● **Records provided**

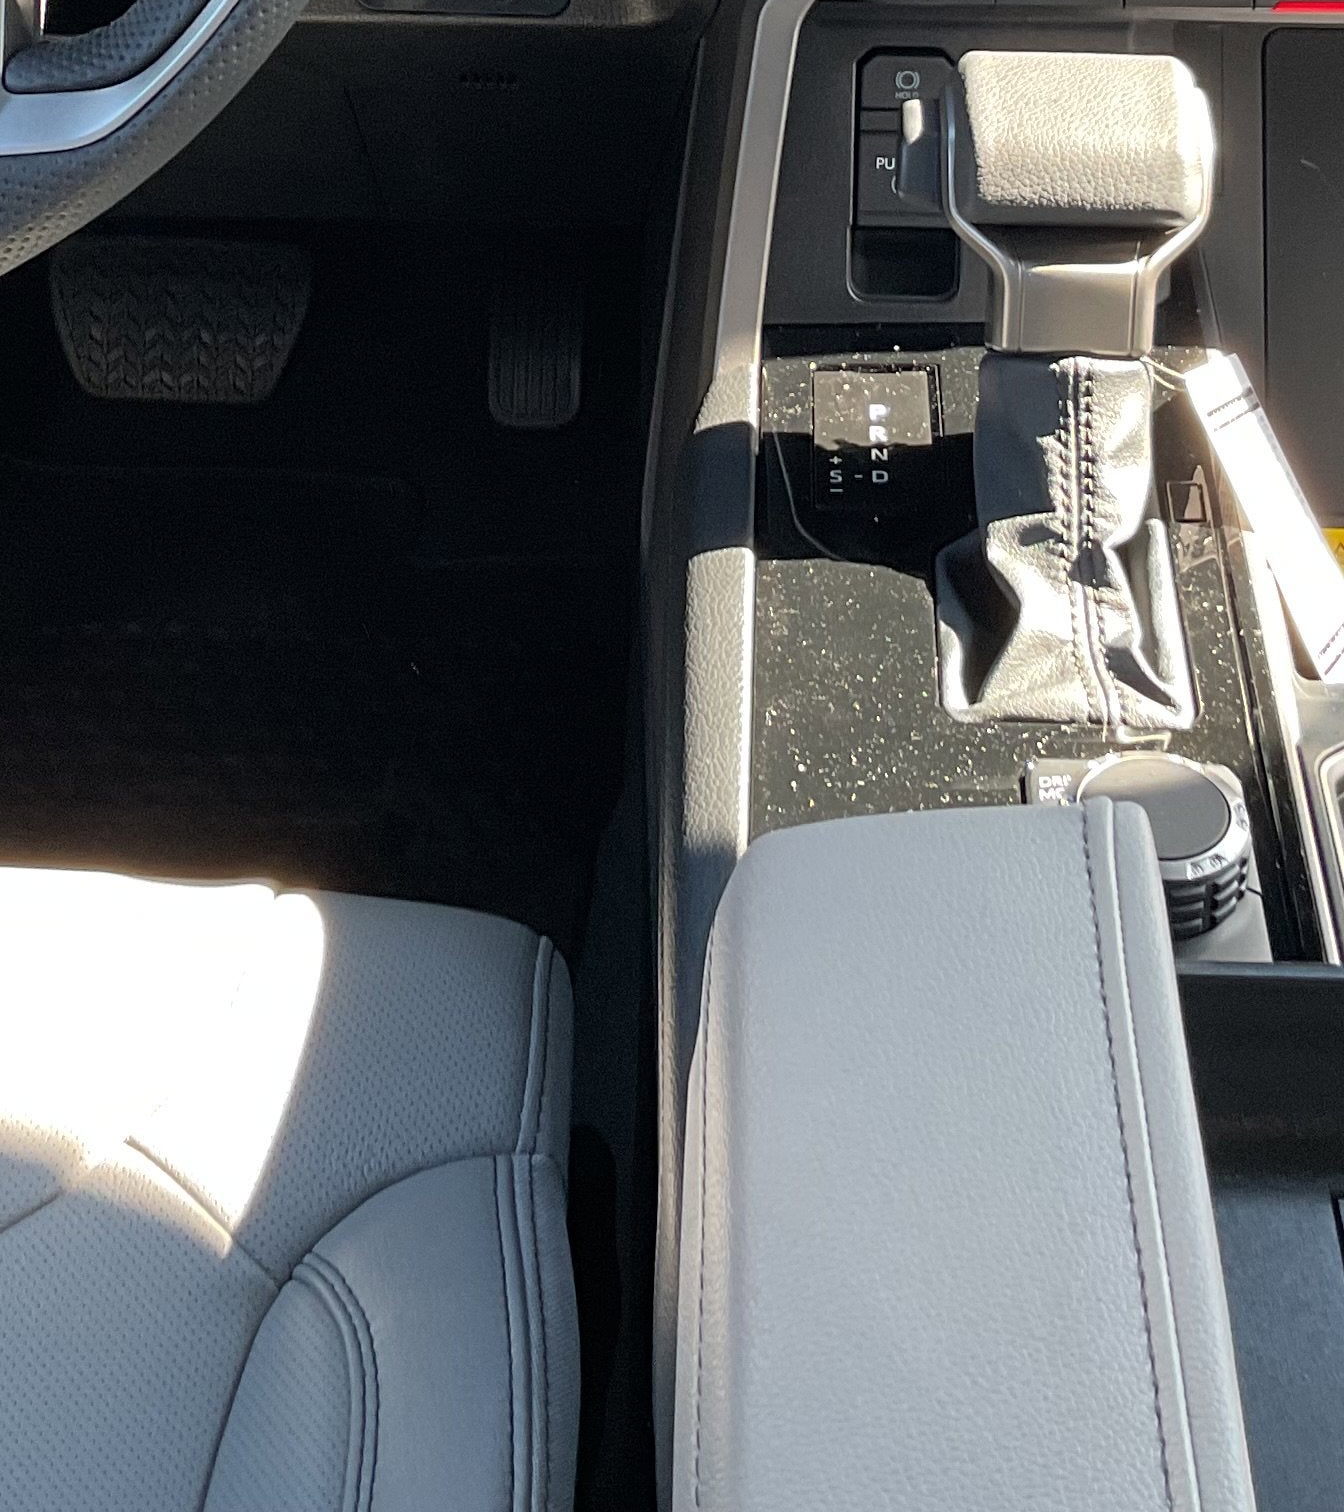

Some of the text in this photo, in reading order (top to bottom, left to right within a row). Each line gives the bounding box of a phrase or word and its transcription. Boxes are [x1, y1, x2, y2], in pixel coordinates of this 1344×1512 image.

[875, 156, 896, 171] PU
[868, 403, 888, 421] P
[868, 425, 889, 443] R
[870, 448, 889, 462] N
[829, 469, 890, 484] S D
[1038, 775, 1072, 788] DRI
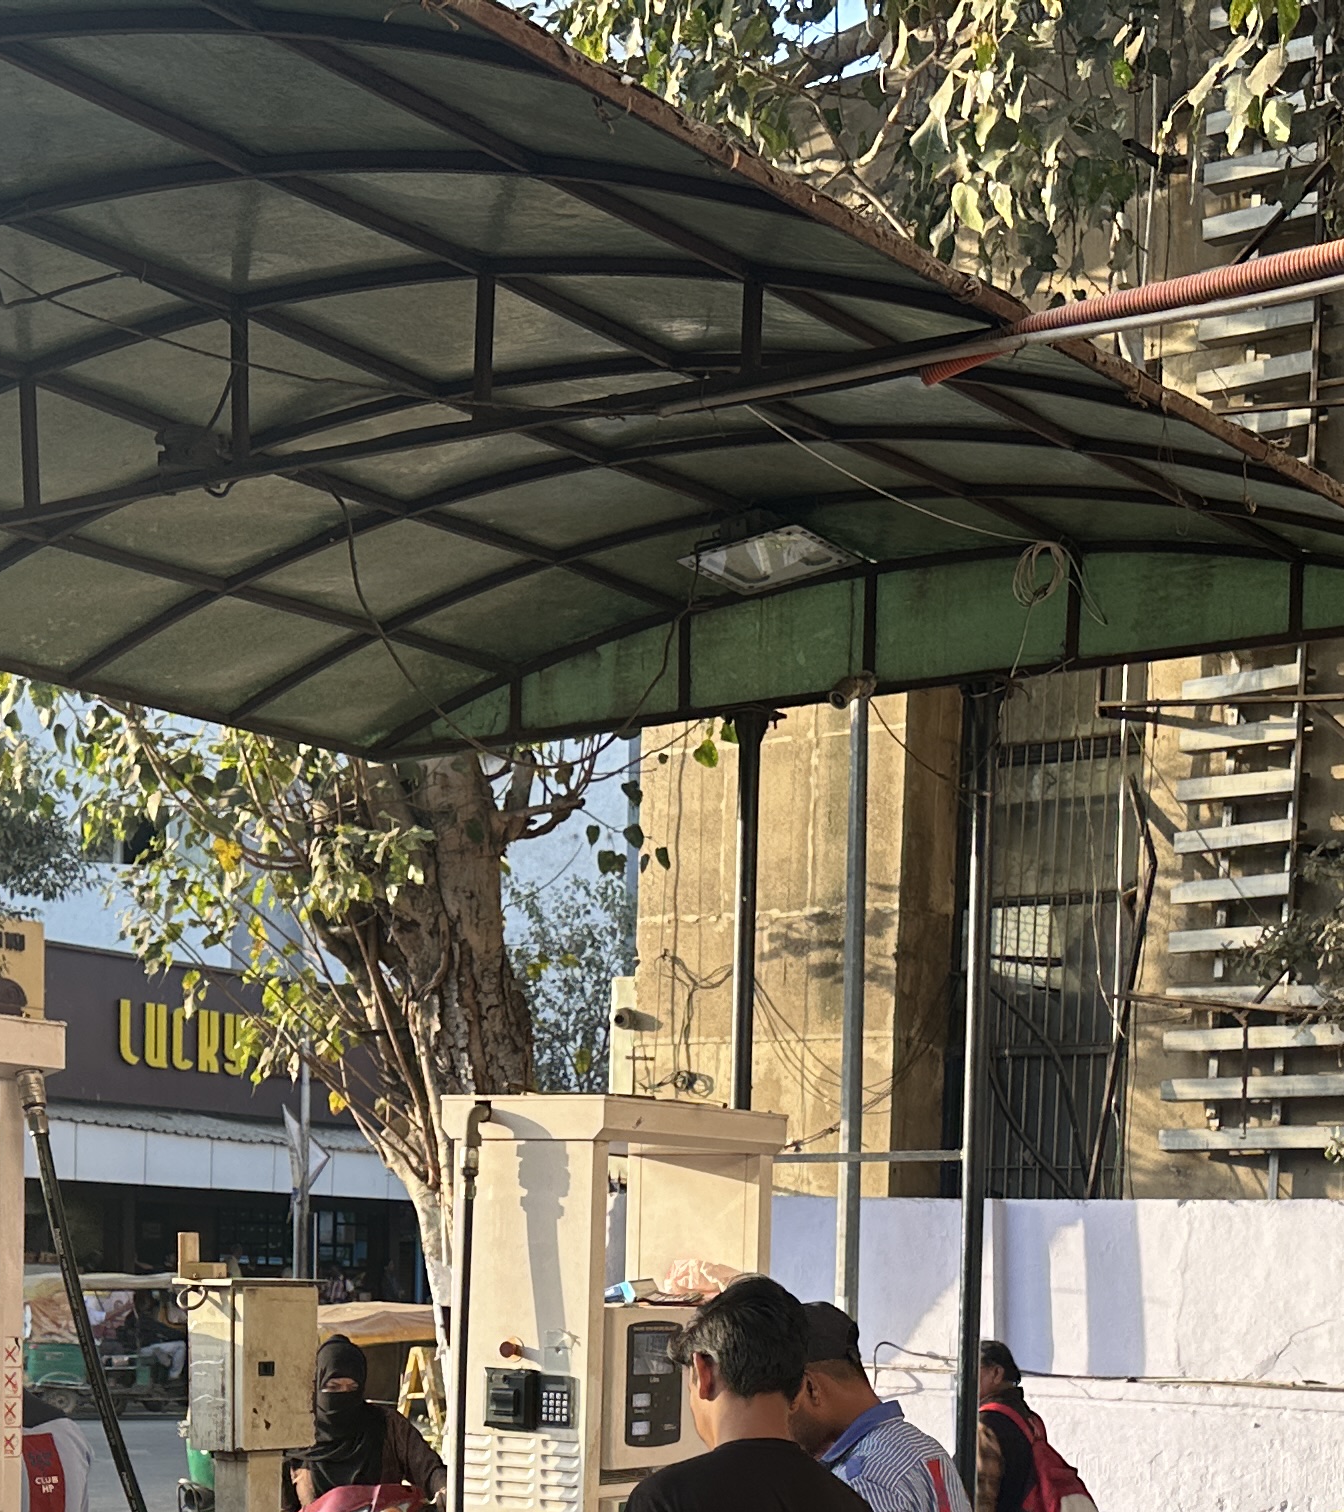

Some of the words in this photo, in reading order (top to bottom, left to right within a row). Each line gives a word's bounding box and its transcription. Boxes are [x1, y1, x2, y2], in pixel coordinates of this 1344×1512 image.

[119, 998, 246, 1076] LUCKY
[34, 1475, 59, 1485] CLUB
[41, 1483, 56, 1494] HP

● **What you need to do**
Copy the records exactly, leaving out every picture.

● **Response box**
Some of the text in this photo, in reading order (top to bottom, left to right within a row). Each line gives the bounding box of a phrase or word and its transcription. Boxes are [x1, y1, x2, y2], in pixel coordinates of this 1344×1512 image.

[875, 156, 896, 171] PU
[868, 403, 888, 421] P
[868, 425, 889, 443] R
[870, 448, 889, 462] N
[829, 469, 890, 484] S D
[1038, 775, 1072, 788] DRI

Some of the words in this photo, in reading order (top to bottom, left to right within a row). Each line gives a word's bounding box and its transcription. Boxes are [x1, y1, x2, y2], in pixel coordinates of this 1344×1512 image.

[119, 998, 246, 1076] LUCKY
[34, 1475, 59, 1485] CLUB
[41, 1483, 56, 1494] HP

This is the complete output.